Recently, more international visitors spent time at the college campus, sitting in on Sr. Zemke's summer class, talking with other advocates of this kind of early childhood programming and considering how they may be able to transplant this pedagogical approach within their own cultures.

Petar-Kresimir Hodzic, who in September will become a fully licensed medical doctor, and his wife, Rafaela Mrdjen-Hodzic, a musician and career molecular biologist, believe that an early introduction to music is "healthful" for both mother and child and "helps to build the family unit."

The Croatian couple discovered the work of the Manitowoc-based member of the Franciscan Sisters of Christian Charity on the Internet, then began corresponding with Sr. Zemke before their visit to Silver Lake College this summer.
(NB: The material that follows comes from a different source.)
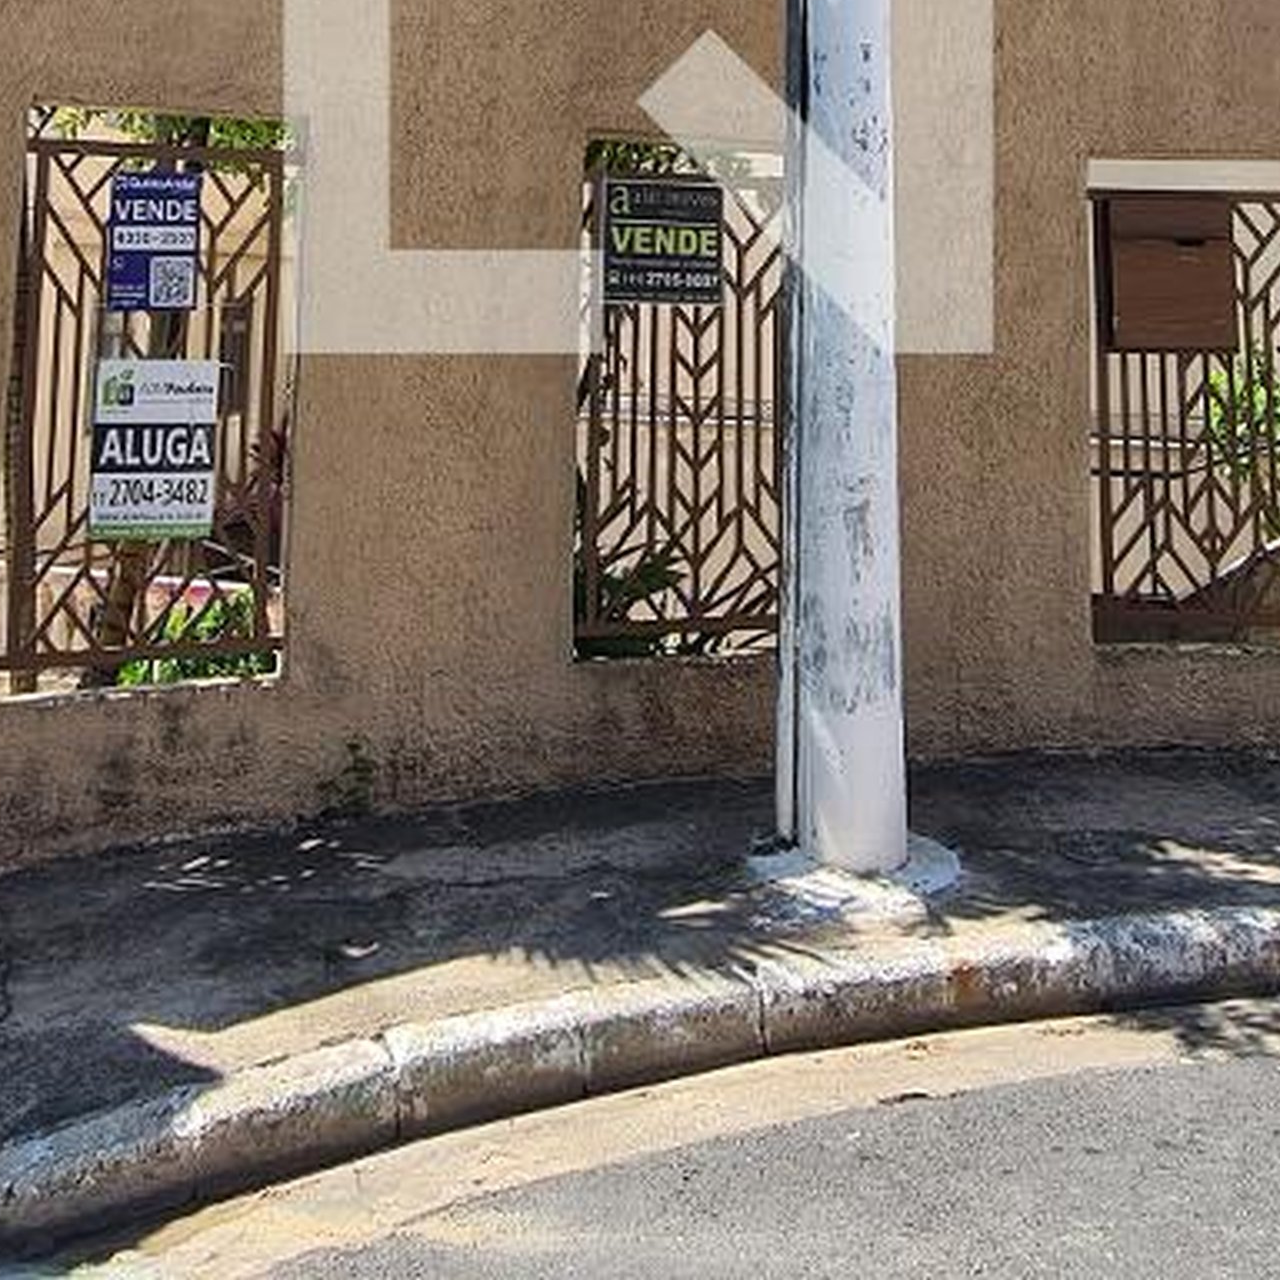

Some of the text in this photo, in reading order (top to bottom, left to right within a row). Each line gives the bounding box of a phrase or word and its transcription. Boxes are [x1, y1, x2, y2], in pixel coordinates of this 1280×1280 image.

For Petar, the exchange helped to focus his medical career. He has decided to take a position in his country's largest center for obstetrics, the Petrova Institute in the capital city of Zagreb, where more than 3,000 births occur each year. Dr. Hodzic hopes to introduce the concepts espoused by Zemke.

In the same summer class was Allen Oh, president of Sangjiwon, Inc., the largest publisher of instructional music materials in Korea. Oh hopes to translate and market the materials associated with the LOVENOTES and Music for tots programs in his homeland of more than 40 million people and perhaps reach into other Pacific Rim countries as well.

"What Sr. Lorna has developed here (at SLC) is so well organized and universally appealing that I would be willing to stake my company's reputation and resources on bringing it to people in need."

That 'need' according to Oh, is among people who culturally and intergenerationally tend to view childbirth very clinically and with a certain amount of detachment.

"Everything about Dr. Zemke's approach speaks to the emotional richness and sanctity of the birthing and family bonding experience," said Oh.

He acknowledges the work of other pioneers working in the field of multisensory, human development including Dr. Mary Wilson of Miami University, who recommended that he visit Silver Lake College and Sr. Zemke.

"I sense that the world's transformation has begun with respect to empowering individuals at a very early age," he said.